Ce n’est pas Dieu que je hais, c’est la mort avec laquelle l’ennemi frappe ma maison.

Si Dieu estime que je suis assez forte pour le supporter, Lui seul en est juge. Lui seul sait pourquoi.

Non, Seigneur, ce n’est pas à Toi que je tiens rancune, mais à mon ennemie. Cette mort inéluctable qui me nargue et détruit ce que je croyais avoir. Et c’est aussi un peu à moi-même, car je n’ai pas su préserver la vie. Mais qui est l’homme pour se battre contre la mort ?

La mort arrive toujours à l’heure où l’on ne l’a pas invité, où l’on ne songe même pas à elle.
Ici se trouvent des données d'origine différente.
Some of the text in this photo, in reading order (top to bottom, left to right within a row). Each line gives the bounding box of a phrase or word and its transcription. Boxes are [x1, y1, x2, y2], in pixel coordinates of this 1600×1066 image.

Elle est là, elle s’invite et vient voler ce qui ne lui appartient pas.

La mort est une vantarde, elle a plus d’un tour dans son sac et arrive toujours à ses fins. Un semblant de victoire remporté contre elle – lorsqu’elle menace de pointer son nez – ne garantit pas la fin de la guerre.

Pourquoi ne sait-on pas à l’avance qui et quand elle vient prendre ? On prendrait mieux soin des êtres que l’on aime, on les chérirait plus, on les surveillerait. Et on aurait la chance de leur faire de beaux adieux.
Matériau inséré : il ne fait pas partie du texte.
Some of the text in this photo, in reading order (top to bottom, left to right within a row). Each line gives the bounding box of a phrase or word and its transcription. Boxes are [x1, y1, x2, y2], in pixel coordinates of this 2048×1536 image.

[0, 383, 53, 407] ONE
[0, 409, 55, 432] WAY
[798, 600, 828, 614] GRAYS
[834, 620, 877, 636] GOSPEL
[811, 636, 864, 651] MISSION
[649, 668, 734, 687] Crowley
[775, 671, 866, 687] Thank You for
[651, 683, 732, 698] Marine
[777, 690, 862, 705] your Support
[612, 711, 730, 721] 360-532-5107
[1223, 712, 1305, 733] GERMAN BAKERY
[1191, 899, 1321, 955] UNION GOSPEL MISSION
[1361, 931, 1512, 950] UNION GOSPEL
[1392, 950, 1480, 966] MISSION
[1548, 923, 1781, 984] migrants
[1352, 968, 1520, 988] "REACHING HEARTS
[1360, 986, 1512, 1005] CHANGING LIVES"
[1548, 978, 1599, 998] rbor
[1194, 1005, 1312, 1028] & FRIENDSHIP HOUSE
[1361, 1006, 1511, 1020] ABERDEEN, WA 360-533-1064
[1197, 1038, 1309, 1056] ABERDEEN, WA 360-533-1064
Mais au lieu de cela, c’est quand le corps est froid et que l’âme n’est plus à l’intérieur que l’on vient dire au revoir. Et bien sûr, l’être qui repose en silence n’est plus en mesure d’entendre notre sanglotant discours plein de regrets.

A-t-on encore envie de vivre quand la Faucheuse vient nous faucher notre amour ?

A-t-on encore envie d’aimer et de se battre ?

A ceci je répondrai une seule chose : rien ne se passe sous le soleil sans la permission de Dieu. S’Il a le droit de donner, Il a aussi le droit de reprendre.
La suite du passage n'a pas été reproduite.